▸ **Your task**
Return every entry below word for word and leave out any picture.

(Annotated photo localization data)
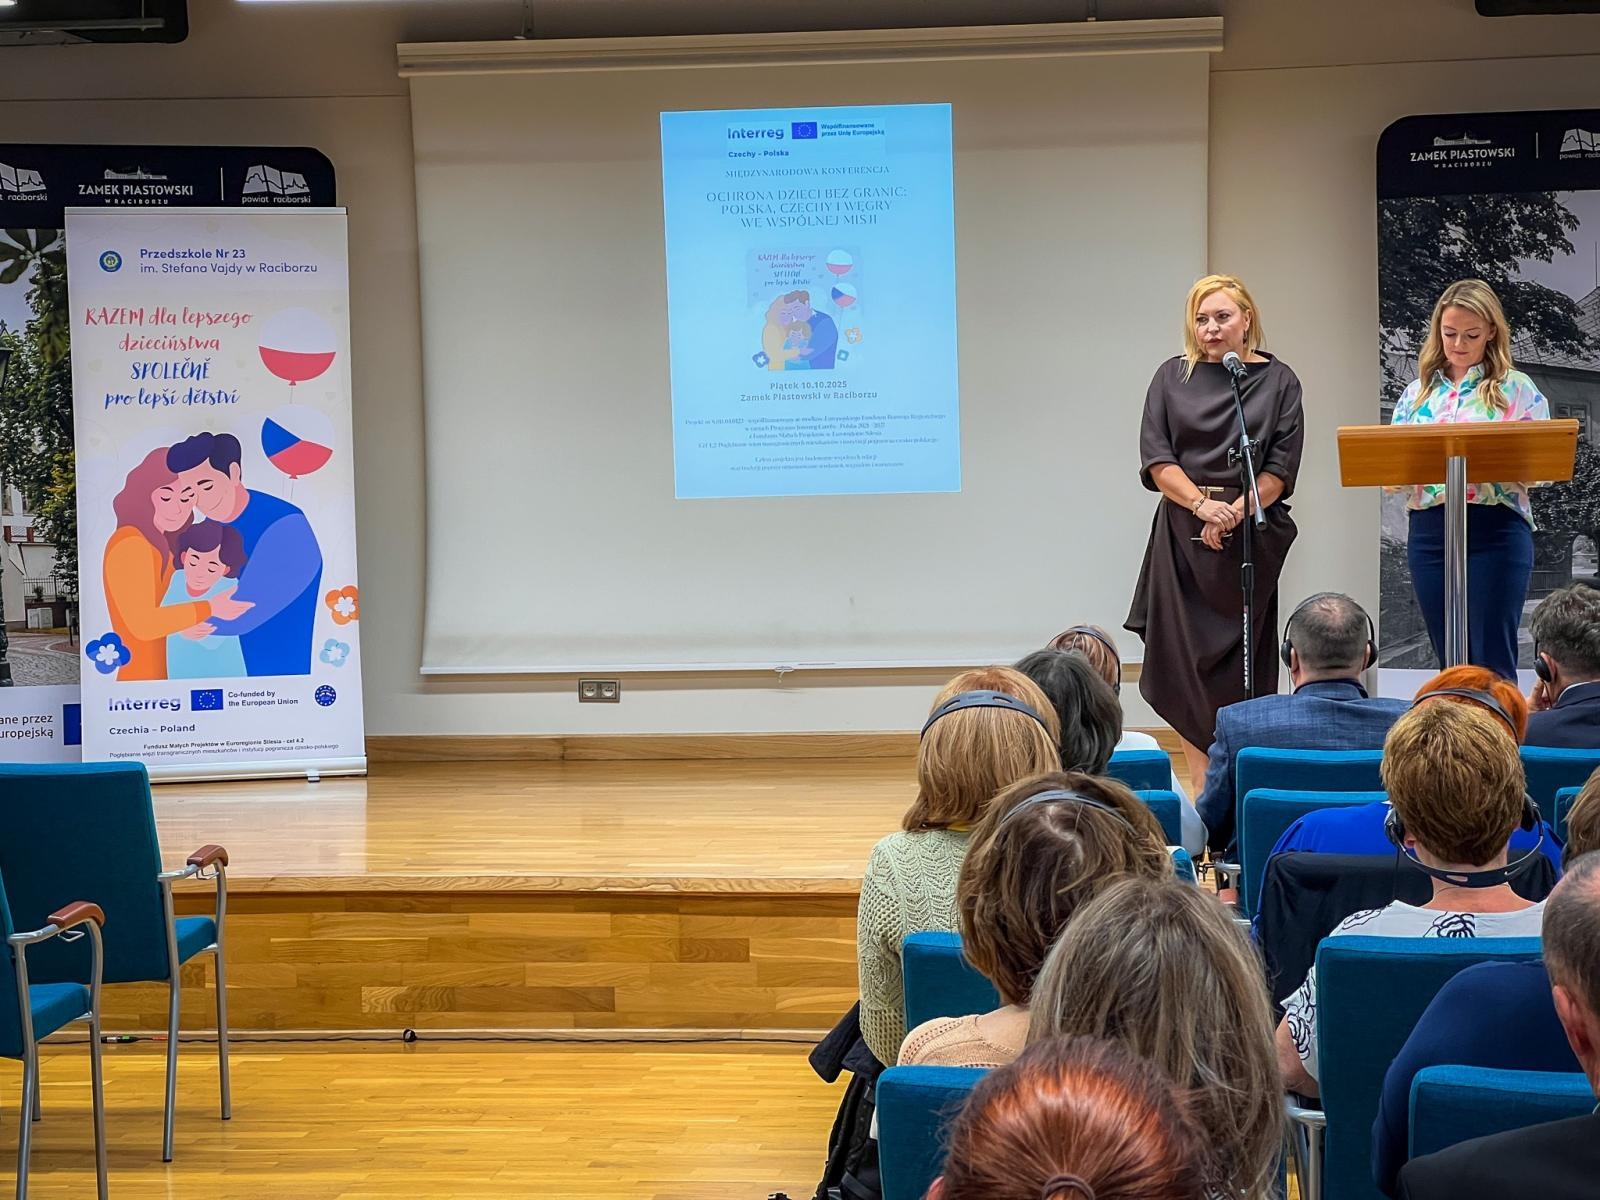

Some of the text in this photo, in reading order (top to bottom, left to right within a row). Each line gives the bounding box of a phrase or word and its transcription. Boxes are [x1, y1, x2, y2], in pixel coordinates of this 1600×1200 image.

[727, 127, 785, 140] Interreg
[728, 151, 756, 159] Czechy
[763, 149, 790, 157] Polska
[1410, 148, 1515, 162] ZAMEK PIASTOWSKI
[725, 165, 890, 178] MIĘDZYNARODOWA KONFERENCJA
[78, 184, 193, 196] ZAMEK PIASTOWSKI
[706, 186, 908, 202] OCHRONA DZIECI BEZ GRANIC:
[7, 193, 48, 201] raciborski
[242, 195, 311, 205] powiat raciborski
[721, 203, 776, 215] POLSKA,
[780, 201, 833, 214] CZECHY
[844, 200, 892, 213] WĘGRY
[740, 213, 877, 229] WE WSPÓLNEJ MISJI
[139, 248, 246, 259] Przedszkole Nr 23
[139, 262, 318, 275] im. Stefana Vajdy w Raciborzu
[148, 306, 177, 326] dla
[182, 306, 255, 328] lepszego
[118, 333, 221, 351] dzieciństwa
[130, 357, 211, 381] SPOLEČNĚ
[770, 380, 848, 391] Piątek 10.10.2025
[104, 387, 241, 410] pro lepší dětství
[740, 394, 771, 402] Zamek
[773, 392, 821, 401] Piastowski
[833, 391, 878, 399] Raciborzu
[228, 690, 276, 698] Co-funded by
[108, 697, 182, 712] Interreg
[22, 715, 54, 726] przez
[109, 725, 150, 735] Czechia
[160, 723, 196, 733] Poland

▸ **Your response**
Some of the text in this photo, in reading order (top to bottom, left to right within a row). Each line gives the bounding box of a phrase or word and its transcription. Boxes are [x1, y1, x2, y2], in pixel coordinates of this 1600×1200 image.

[727, 127, 785, 140] Interreg
[728, 151, 756, 159] Czechy
[763, 149, 790, 157] Polska
[1410, 148, 1515, 162] ZAMEK PIASTOWSKI
[725, 165, 890, 178] MIĘDZYNARODOWA KONFERENCJA
[78, 184, 193, 196] ZAMEK PIASTOWSKI
[706, 186, 908, 202] OCHRONA DZIECI BEZ GRANIC:
[7, 193, 48, 201] raciborski
[242, 195, 311, 205] powiat raciborski
[721, 203, 776, 215] POLSKA,
[780, 201, 833, 214] CZECHY
[844, 200, 892, 213] WĘGRY
[740, 213, 877, 229] WE WSPÓLNEJ MISJI
[139, 248, 246, 259] Przedszkole Nr 23
[139, 262, 318, 275] im. Stefana Vajdy w Raciborzu
[148, 306, 177, 326] dla
[182, 306, 255, 328] lepszego
[118, 333, 221, 351] dzieciństwa
[130, 357, 211, 381] SPOLEČNĚ
[770, 380, 848, 391] Piątek 10.10.2025
[104, 387, 241, 410] pro lepší dětství
[740, 394, 771, 402] Zamek
[773, 392, 821, 401] Piastowski
[833, 391, 878, 399] Raciborzu
[228, 690, 276, 698] Co-funded by
[108, 697, 182, 712] Interreg
[22, 715, 54, 726] przez
[109, 725, 150, 735] Czechia
[160, 723, 196, 733] Poland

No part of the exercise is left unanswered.